Anise Koltz/Un monde de pierres : Le Nil intérieur

Nous sommes en exil. Nous n’avons jamais quitté la terre natale, mais nous sommes en exil. Nous vivons, nous aimons, nous souffrons. Nous puisons dans ce monde où nous sommes nés notre subsistance, nous nous y accrochons, le façonnons, le détruisons, et en même temps nous restons des étrangers. Quelque chose en nous, on ne sait quoi, se dérobe, refuse la naissance. C’est en nous comme une insaisissable présence : cela est sans être. Le paradoxe est que ce « cela », qui nous donne ce sentiment étrange d’éternité, ne se révèle que dans un corps, dans cette matière charnelle pourtant vouée au vieillissement et à la mort : nous sommes éternels…le temps que nous sommes vivants ! C’est du moins ce que je ressens quand je lis le livre d’Anise Koltz, « Un monde de pierres », publié par les éditions Arfuyen : l’impression que nous sommes à la fois nés de la chair, avec un commencement et une fin, et que nous ne sommes pas nés, que nous ne nous sommes pas laissés prendre au piège du temps qui est, selon elle, une construction de la mémoire. Comme elle l’écrit sobrement et magnifiquement :

 

« Nous restons orphelins

malgré la mère

et le père

 

Sans fin

ni commencement

nous errons

dans un monde de pierres »

 

Ce paradoxe d’être au monde et de ne pas y être interroge constamment le livre et confère aux poèmes d’Anise  Koltz cette saveur très particulière qui mélange subtilement sensibilité et métaphysique, celle-ci plutôt dans une tonalité orientale. En effet, sa démarche poétique n’est pas sans faire écho, du moins dans l’esprit, aux grands textes de la spiritualité hindoue, telles les Upanishads et particulièrement l’Ishâ Upanishad et la Mundaka Upanishad dont voici d’ailleurs un extrait : « Ceci qui est invisible et insaisissable, sans parent et sans couleur, et n’a ni yeux, ni oreilles, ni mains, ni pieds, mais est à jamais… »

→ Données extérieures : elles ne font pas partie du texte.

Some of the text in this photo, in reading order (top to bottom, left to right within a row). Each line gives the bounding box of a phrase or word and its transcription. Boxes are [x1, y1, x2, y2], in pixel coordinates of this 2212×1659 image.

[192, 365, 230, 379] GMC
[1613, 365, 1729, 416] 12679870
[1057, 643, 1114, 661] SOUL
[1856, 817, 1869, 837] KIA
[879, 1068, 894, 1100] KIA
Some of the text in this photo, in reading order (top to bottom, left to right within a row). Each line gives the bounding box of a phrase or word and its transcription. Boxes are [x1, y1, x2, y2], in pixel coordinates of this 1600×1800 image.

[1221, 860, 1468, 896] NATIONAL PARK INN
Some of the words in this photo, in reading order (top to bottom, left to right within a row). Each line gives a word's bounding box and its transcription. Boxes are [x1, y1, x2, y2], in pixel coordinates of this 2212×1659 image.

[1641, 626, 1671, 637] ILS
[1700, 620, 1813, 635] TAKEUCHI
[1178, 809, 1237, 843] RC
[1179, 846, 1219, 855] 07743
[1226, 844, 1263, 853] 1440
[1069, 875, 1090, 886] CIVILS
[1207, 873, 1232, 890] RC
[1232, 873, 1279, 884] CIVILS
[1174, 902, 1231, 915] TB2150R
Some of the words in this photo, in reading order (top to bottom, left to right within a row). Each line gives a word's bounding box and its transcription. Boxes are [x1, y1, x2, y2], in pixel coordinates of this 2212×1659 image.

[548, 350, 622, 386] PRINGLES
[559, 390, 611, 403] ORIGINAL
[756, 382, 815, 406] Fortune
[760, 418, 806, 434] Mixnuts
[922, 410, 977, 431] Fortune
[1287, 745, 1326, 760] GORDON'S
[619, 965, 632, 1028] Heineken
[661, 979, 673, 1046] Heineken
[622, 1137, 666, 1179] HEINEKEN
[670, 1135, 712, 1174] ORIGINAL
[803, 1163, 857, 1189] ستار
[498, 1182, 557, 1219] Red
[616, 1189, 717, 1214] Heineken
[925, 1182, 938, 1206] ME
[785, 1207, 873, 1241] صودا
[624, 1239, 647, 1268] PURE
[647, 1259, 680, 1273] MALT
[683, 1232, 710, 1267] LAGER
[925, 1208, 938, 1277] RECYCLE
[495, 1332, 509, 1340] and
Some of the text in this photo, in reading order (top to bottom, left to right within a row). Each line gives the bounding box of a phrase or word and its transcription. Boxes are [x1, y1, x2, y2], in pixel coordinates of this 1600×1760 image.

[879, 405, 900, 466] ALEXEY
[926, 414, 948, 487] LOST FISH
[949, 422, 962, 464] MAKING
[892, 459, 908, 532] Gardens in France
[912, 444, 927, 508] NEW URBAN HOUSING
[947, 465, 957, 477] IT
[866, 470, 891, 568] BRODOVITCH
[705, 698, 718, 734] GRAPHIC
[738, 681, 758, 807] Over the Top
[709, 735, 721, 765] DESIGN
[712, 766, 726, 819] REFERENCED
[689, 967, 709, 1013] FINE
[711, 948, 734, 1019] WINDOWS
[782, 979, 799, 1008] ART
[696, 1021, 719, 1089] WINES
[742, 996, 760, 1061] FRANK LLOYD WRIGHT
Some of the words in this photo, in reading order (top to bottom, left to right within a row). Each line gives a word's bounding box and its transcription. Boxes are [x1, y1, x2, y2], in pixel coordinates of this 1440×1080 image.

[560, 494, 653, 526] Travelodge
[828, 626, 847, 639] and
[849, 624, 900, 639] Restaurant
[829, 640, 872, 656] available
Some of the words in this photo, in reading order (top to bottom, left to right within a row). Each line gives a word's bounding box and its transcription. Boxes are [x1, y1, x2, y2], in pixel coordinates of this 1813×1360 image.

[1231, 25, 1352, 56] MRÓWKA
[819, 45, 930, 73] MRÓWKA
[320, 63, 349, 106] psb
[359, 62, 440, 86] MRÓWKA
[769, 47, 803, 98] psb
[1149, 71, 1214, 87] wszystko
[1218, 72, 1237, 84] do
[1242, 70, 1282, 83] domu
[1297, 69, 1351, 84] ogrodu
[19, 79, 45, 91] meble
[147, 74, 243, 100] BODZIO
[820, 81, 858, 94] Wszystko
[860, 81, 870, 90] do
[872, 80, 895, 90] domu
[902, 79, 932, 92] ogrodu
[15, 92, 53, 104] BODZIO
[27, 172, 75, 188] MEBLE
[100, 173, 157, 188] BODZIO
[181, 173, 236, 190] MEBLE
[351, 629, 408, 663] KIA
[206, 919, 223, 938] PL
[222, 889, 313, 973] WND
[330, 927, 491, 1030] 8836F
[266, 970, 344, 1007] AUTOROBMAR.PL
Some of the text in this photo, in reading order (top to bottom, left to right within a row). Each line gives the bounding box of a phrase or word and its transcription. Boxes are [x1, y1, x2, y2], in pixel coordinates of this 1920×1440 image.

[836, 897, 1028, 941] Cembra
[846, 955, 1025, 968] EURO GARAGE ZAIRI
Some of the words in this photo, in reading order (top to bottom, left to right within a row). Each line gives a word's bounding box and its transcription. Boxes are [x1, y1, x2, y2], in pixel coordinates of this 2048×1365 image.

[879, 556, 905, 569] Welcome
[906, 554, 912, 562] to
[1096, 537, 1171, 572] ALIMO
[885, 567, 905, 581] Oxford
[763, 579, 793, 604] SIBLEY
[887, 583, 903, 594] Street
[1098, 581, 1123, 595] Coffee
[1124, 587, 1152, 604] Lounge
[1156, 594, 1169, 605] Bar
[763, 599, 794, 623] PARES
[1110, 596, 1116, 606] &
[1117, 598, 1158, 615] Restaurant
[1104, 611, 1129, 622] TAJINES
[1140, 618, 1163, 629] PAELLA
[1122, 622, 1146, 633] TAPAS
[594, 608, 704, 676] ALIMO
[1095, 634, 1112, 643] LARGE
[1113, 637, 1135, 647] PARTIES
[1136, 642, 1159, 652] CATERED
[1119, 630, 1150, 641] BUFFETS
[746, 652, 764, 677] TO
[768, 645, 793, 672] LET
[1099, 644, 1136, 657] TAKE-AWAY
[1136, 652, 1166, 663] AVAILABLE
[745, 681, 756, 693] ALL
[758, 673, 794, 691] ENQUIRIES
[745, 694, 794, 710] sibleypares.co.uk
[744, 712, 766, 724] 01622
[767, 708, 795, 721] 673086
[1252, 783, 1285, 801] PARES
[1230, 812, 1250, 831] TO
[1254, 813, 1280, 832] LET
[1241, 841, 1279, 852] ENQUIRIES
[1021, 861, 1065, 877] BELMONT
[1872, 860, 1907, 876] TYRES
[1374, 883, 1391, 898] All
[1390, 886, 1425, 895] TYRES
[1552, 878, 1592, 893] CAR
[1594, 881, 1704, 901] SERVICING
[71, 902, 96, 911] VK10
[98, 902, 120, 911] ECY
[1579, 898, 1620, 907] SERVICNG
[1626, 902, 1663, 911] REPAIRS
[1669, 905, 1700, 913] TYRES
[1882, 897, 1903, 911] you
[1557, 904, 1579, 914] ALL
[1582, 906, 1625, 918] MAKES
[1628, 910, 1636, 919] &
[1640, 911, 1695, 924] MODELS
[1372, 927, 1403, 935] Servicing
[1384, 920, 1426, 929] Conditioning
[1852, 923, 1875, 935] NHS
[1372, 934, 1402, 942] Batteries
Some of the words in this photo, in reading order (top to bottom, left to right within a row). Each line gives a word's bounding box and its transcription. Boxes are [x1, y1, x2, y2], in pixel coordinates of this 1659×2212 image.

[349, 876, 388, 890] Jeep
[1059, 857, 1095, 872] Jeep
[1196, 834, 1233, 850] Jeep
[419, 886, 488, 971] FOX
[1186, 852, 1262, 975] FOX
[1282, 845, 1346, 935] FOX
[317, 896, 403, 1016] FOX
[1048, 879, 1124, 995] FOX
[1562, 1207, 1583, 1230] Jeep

L’on ne sera donc pas étonné de retrouver, chez Anise Koltz, une conception cyclique du temps (incluant même une sorte de métempsychose), qu’elle illustre d’ailleurs dans son livre par le retour périodique de quelques courts versets. Le temps s’élance en spirale, revient et repart dans une nouvelle boucle, tournant inlassablement autour d’un point immobile et insituable, peut-être un non-lieu ou un lieu vide qui précisément « soutient l’univers ». Il passe et ne passe pas. Elle écrit :

 

« Tandis que le temps passe

sans passer

comme un fleuve invisible

 qui monte

et retombe en cadences régulières »

 

Cette « grande dame de la poésie », pour reprendre la formule de Gérard Pfister, l’éditeur – et je ne saurais la désigner autrement, ne supportant pas le mot « poétesse » –, voit avec les yeux et elle voit derrière les yeux. Elle sait que le monde existe et qu’il n’existe pas, que ce que nous voyons avec les sens nous ne le voyons pas vraiment :

 

« Le monde est virtuel

le visible

reste invisible »

 

Ce sont ces traces invisibles qu’elle guette, qu’elle interroge, même si inévitablement « le monde reste sans réponse » et qu’elle marche à tâtons, chaque matin « réinventant la fiction de son existence ».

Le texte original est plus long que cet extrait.